La Amazonía punto de inflexión ya no es una advertencia lejana. Un nuevo estudio del Instituto Potsdam para la Investigación sobre el Impacto del Cambio Climático advierte que la selva amazónica podría sufrir una transformación profunda si la deforestación sigue avanzando y el calentamiento global continúa aumentando.
La investigación, publicada en la revista Nature, señala que alrededor de dos tercios de la Amazonía podrían convertirse en bosque degradado o en ecosistemas similares a la sabana si la deforestación alcanza entre el 22% y el 28% del bioma. Ese escenario podría ocurrir incluso con un calentamiento global de apenas 1.5 a 1.9 grados Celsius.
El dato es especialmente preocupante porque en 2020 la deforestación acumulada ya rondaba entre el 17% y el 18%, según el estudio. Eso deja a la selva peligrosamente cerca de un umbral en el que perdería parte de su capacidad para sostenerse a sí misma.
Amazonía punto de inflexión: por qué preocupa a los científicos
La Amazonía no solo recibe lluvia. También la produce. Los árboles liberan vapor de agua a la atmósfera, que luego vuelve a caer en forma de lluvia sobre la cuenca amazónica. De acuerdo con los investigadores, hasta la mitad de las precipitaciones de la región provienen de ese reciclaje de humedad.
Cuando se tala una parte grande del bosque, ese ciclo se debilita. La atmósfera se vuelve más seca, las sequías se hacen más frecuentes y otras zonas del bosque pierden resiliencia. Así comienza un efecto en cadena que puede extenderse a cientos o miles de kilómetros.
Nico Wunderling, científico del PIK y autor principal del estudio, advirtió que la deforestación hace que la Amazonía sea menos resistente de lo que se pensaba. Al reducir la humedad y alterar la generación de lluvias, incluso un calentamiento adicional moderado podría activar cambios en grandes partes del bosque.
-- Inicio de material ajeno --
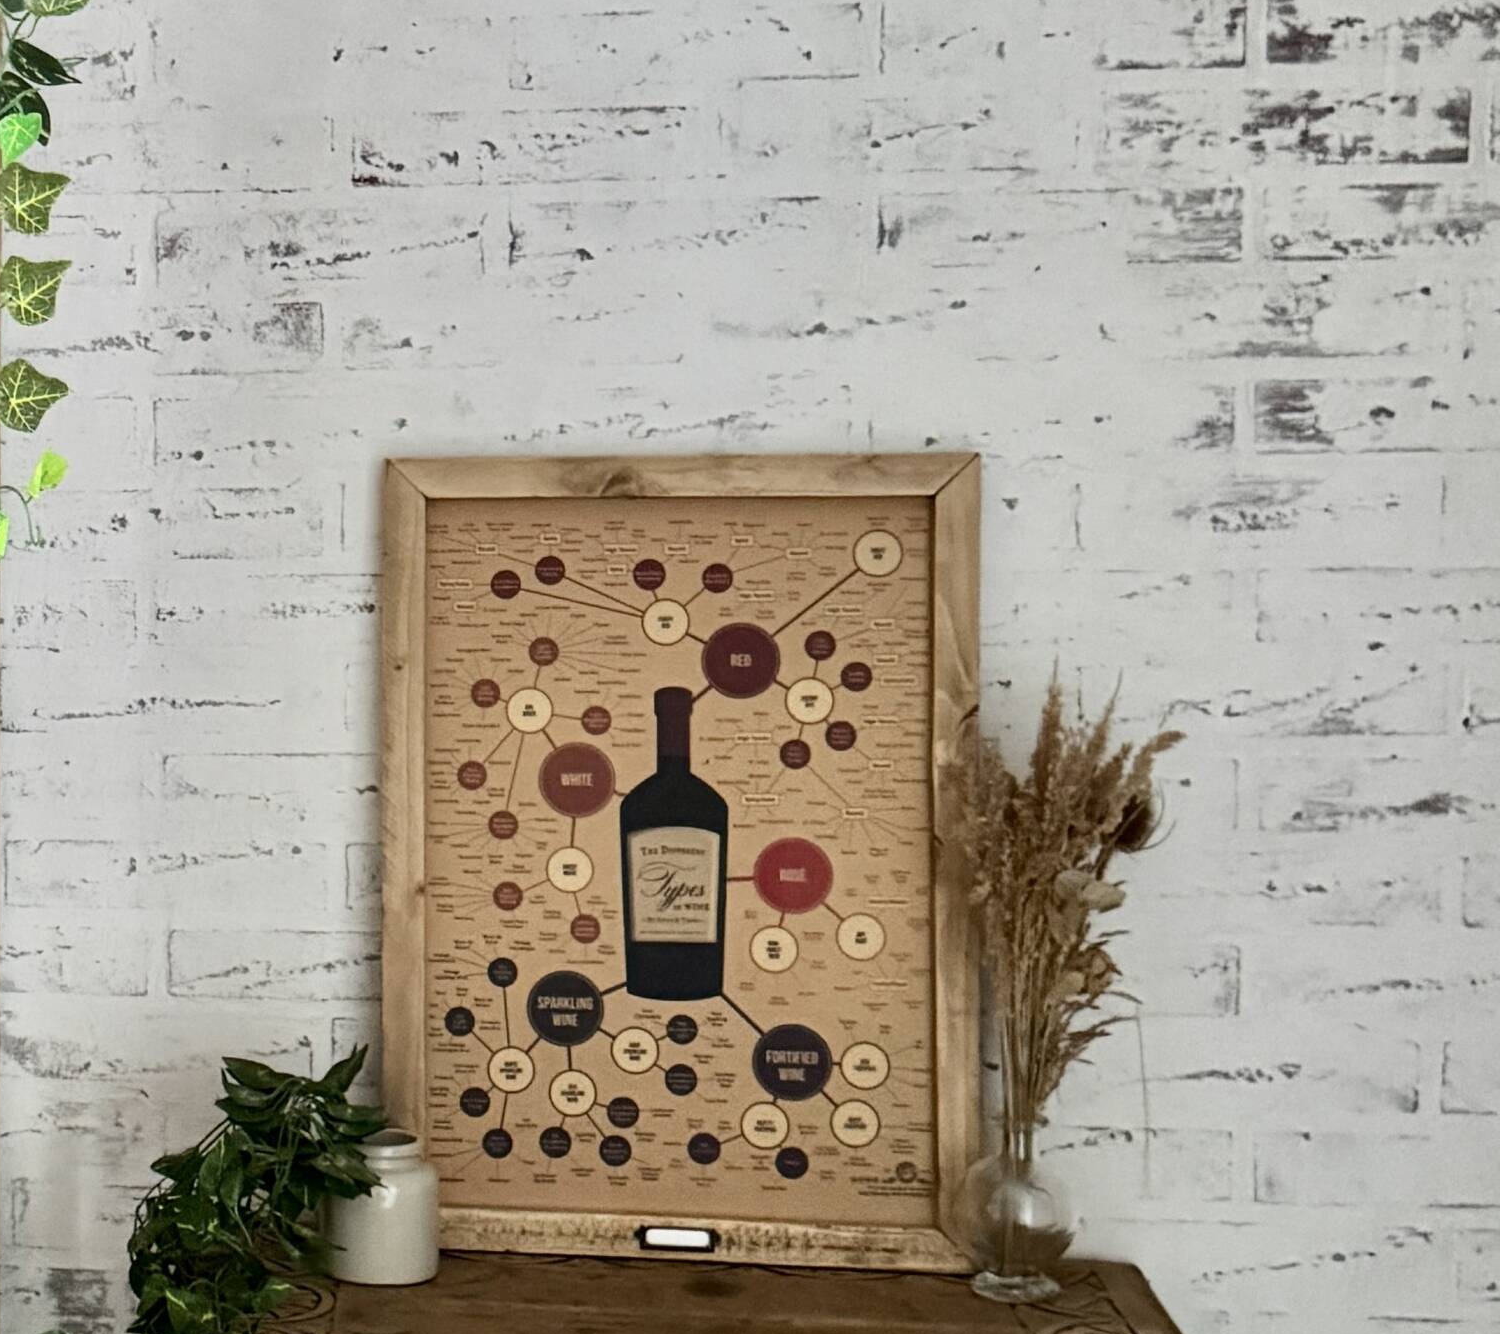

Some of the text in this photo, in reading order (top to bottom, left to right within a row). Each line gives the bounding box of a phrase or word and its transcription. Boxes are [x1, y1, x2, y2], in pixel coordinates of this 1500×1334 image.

[560, 772, 594, 787] WHITE
[636, 861, 705, 912] Types
[537, 996, 594, 1010] SPARKLING
[552, 1012, 579, 1027] WINE
[765, 1049, 819, 1065] FORTIFIED
Dos amenazas que se refuerzan
El estudio muestra que la deforestación y el calentamiento global no actúan por separado. Se alimentan entre sí. Si la pérdida de bosque aumenta, el sistema amazónico puede colapsar con niveles más bajos de calentamiento. En cambio, si la deforestación se mantiene en el nivel actual, un cambio de escala similar ocurriría con temperaturas mucho más altas, alrededor de 3.7 a 4 grados Celsius.
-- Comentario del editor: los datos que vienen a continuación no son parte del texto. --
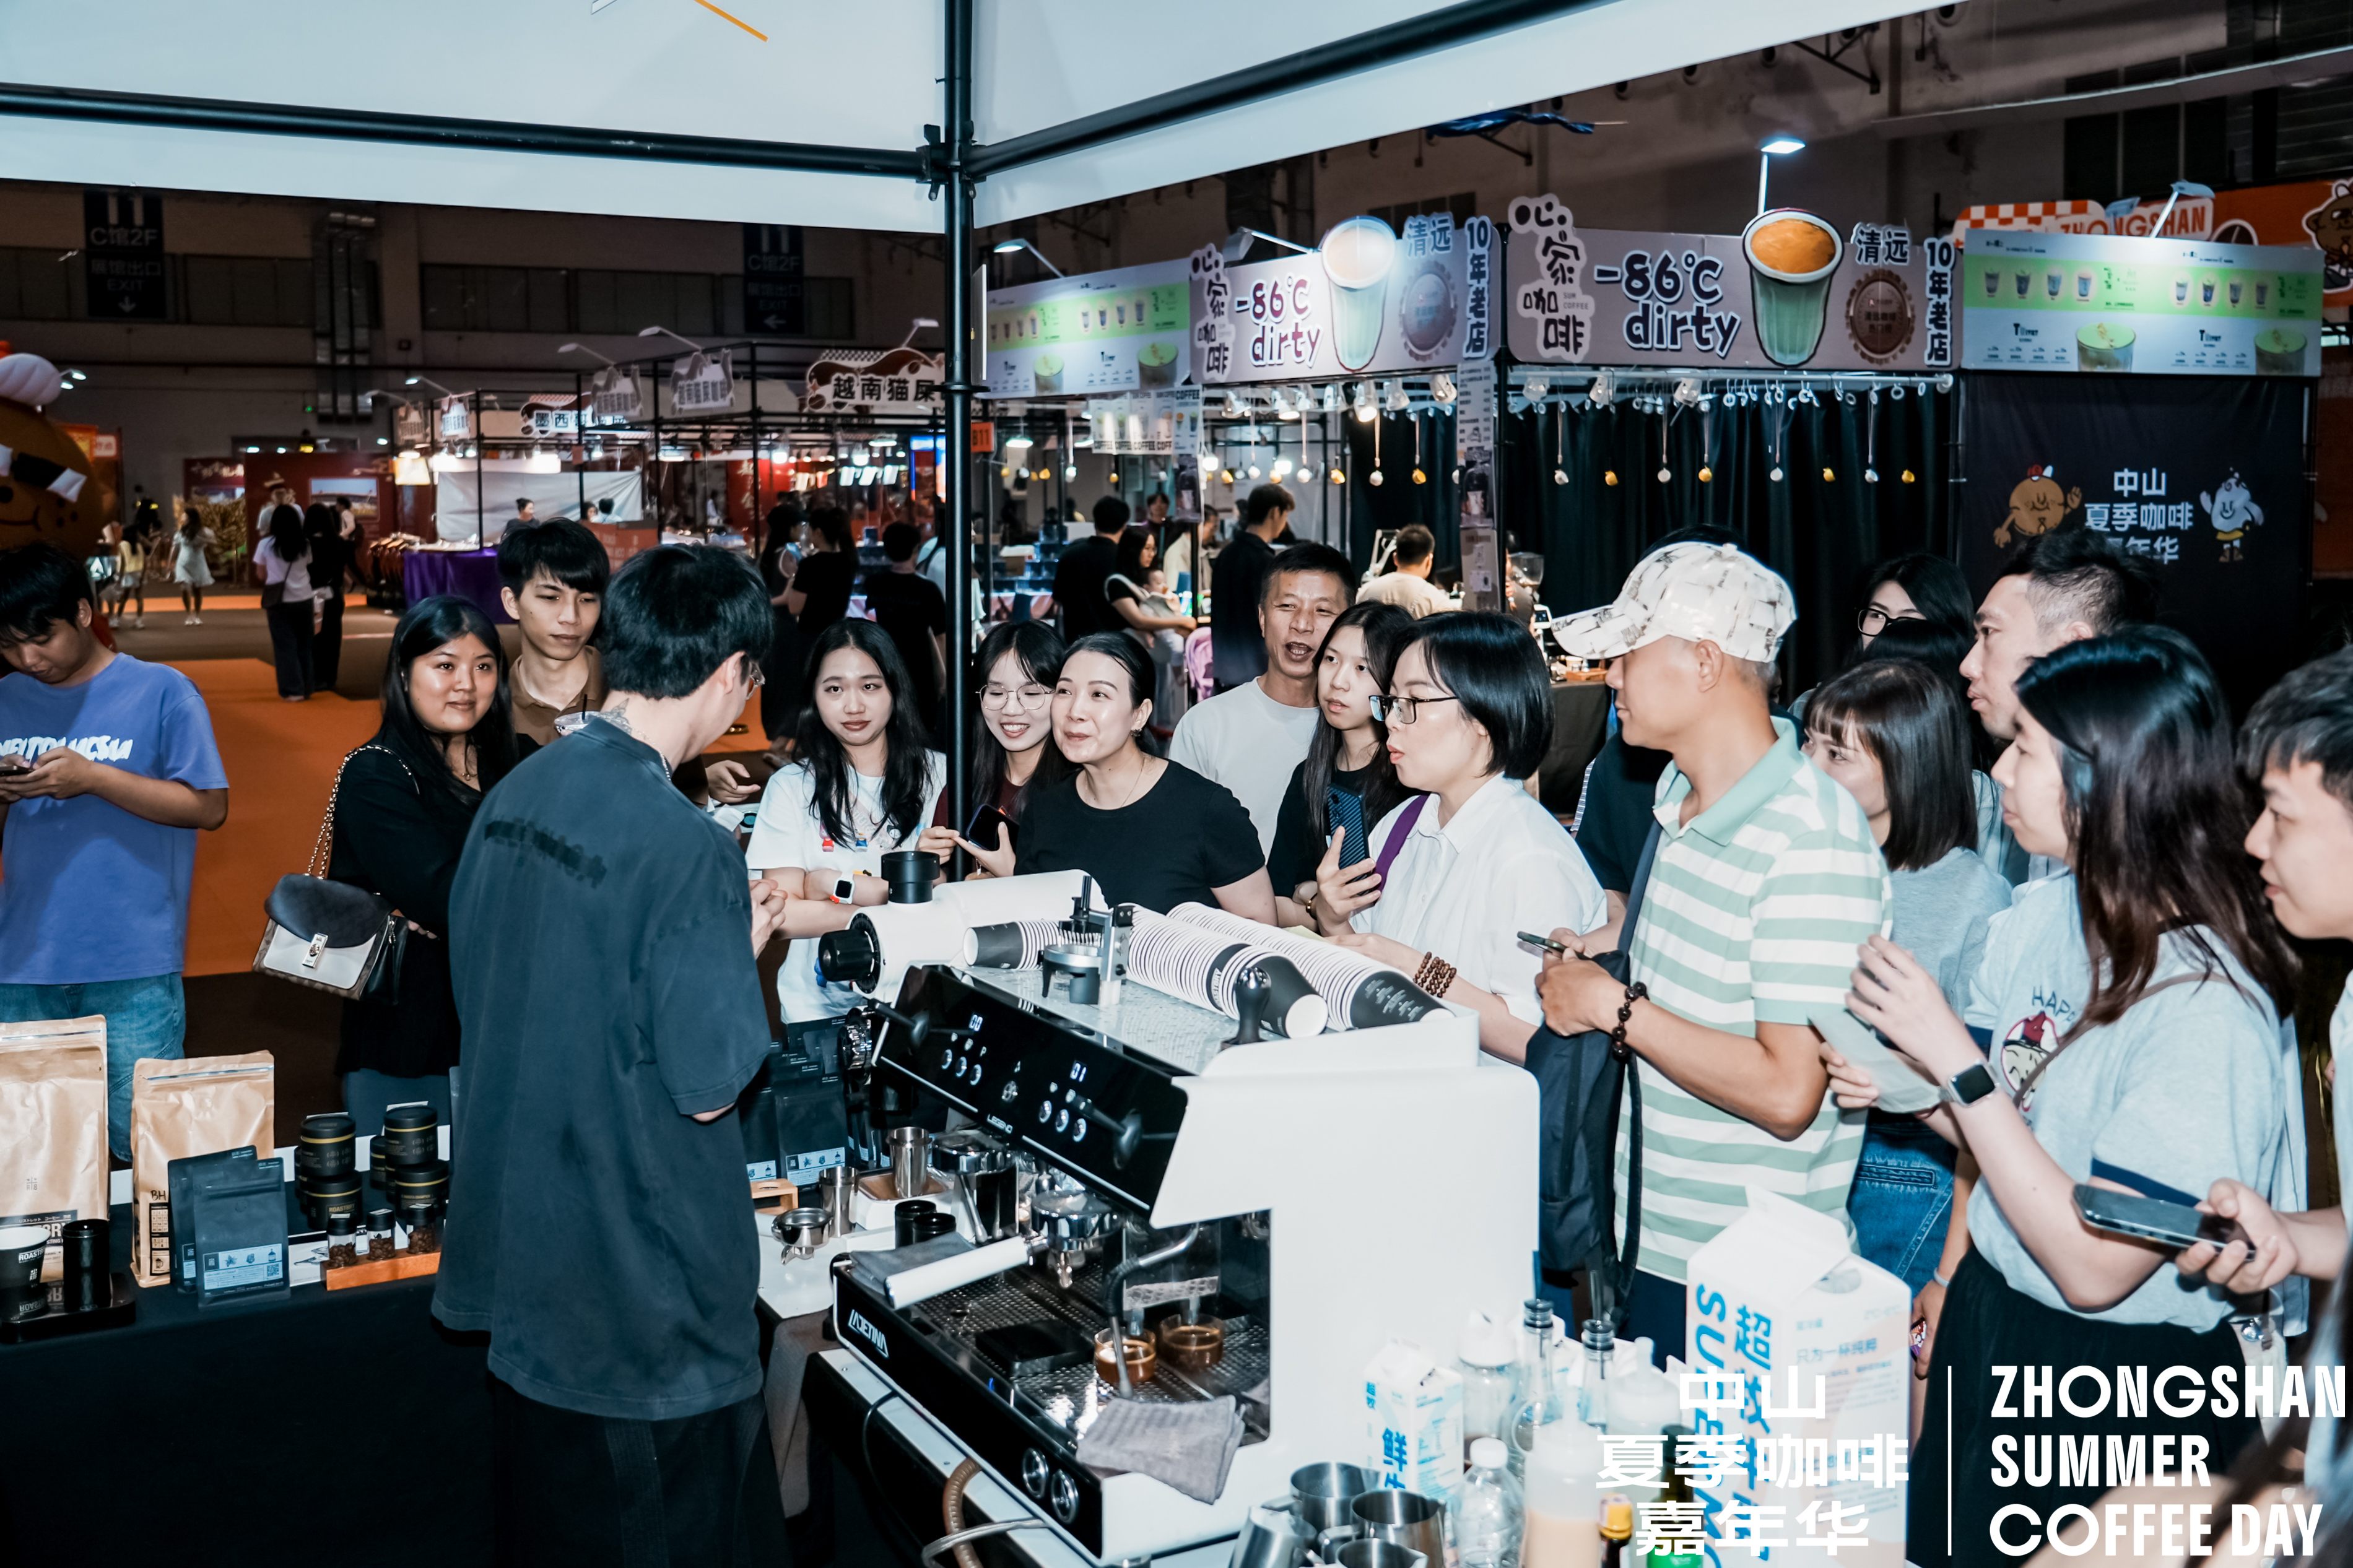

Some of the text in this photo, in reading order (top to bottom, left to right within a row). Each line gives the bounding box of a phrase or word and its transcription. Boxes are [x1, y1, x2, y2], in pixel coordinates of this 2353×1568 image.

[90, 227, 159, 246] C馆2F
[1407, 218, 1451, 256] 清远
[1857, 228, 1908, 264] 清远
[107, 279, 145, 291] EXIT
[1466, 220, 1487, 358] 10年老店
[1563, 302, 1588, 310] COFFEE
[1927, 241, 1952, 362] 10年老店
[1252, 322, 1321, 365] dirty
[1625, 305, 1739, 357] dirty
[833, 375, 946, 402] 越南猫屎
[2113, 467, 2167, 497] 中山
[2084, 501, 2193, 532] 夏季咖啡
[150, 1189, 167, 1201] BH
Ese contraste deja una conclusión clara: detener la deforestación puede ganar tiempo y reducir riesgos. Pero no basta por sí solo. También hace falta reducir de forma rápida las emisiones que impulsan el calentamiento global.
El trabajo evaluó distintos escenarios. Uno de los más severos contempla una deforestación promedio de unos 18,000 kilómetros cuadrados al año entre 2020 y 2050. Eso equivaldría a eliminar cerca del 35% de la cuenca amazónica. En ese caso, el sistema entraría en una zona de alto peligro.
Efectos más allá de la selva
La posible transformación de la Amazonía no sería solo una tragedia regional. La selva cumple funciones esenciales para el planeta: almacena carbono, regula el ciclo del agua y alberga una de las mayores concentraciones de biodiversidad del mundo.
Si grandes áreas se degradan o se convierten en sabana, se perdería capacidad para absorber carbono. También podrían alterarse las lluvias en otras regiones de Sudamérica, con impactos en agricultura, disponibilidad de agua y ecosistemas.
Arie Staal, investigador de la Universidad de Utrecht y coautor del estudio, explicó que cuando la deforestación interrumpe el transporte de humedad en una zona, regiones enteras situadas muy lejos pueden perder resiliencia. Esa conexión muestra que la Amazonía funciona como un sistema integrado, no como una suma de árboles aislados.
Todavía hay margen para actuar
A pesar de la gravedad del estudio, los autores insisten en que el colapso no es inevitable. Con escenarios de emisiones más optimistas y una deforestación limitada al nivel actual, la Amazonía podría evitar una transformación masiva.
La restauración ecológica también será clave. Recuperar áreas degradadas, proteger corredores forestales y frenar la tala puede fortalecer el ciclo de lluvias y ayudar a la selva a resistir mejor el calentamiento.
Johan Rockström, director del PIK y coautor del trabajo, advirtió que la deforestación continuada está acercando al bosque a un punto de inflexión con consecuencias de largo alcance. Sin embargo, también destacó que detener la pérdida de bosque, restaurar áreas degradadas y reducir emisiones todavía puede disminuir los riesgos.
La Amazonía punto de inflexión debe entenderse como una señal de urgencia, no como una sentencia cerrada. La selva sigue teniendo capacidad de recuperación, pero esa capacidad depende de decisiones tomadas ahora.
El mensaje del estudio es directo: proteger la Amazonía no es solo un asunto ambiental. Es una medida de estabilidad climática para toda la región y para el planeta.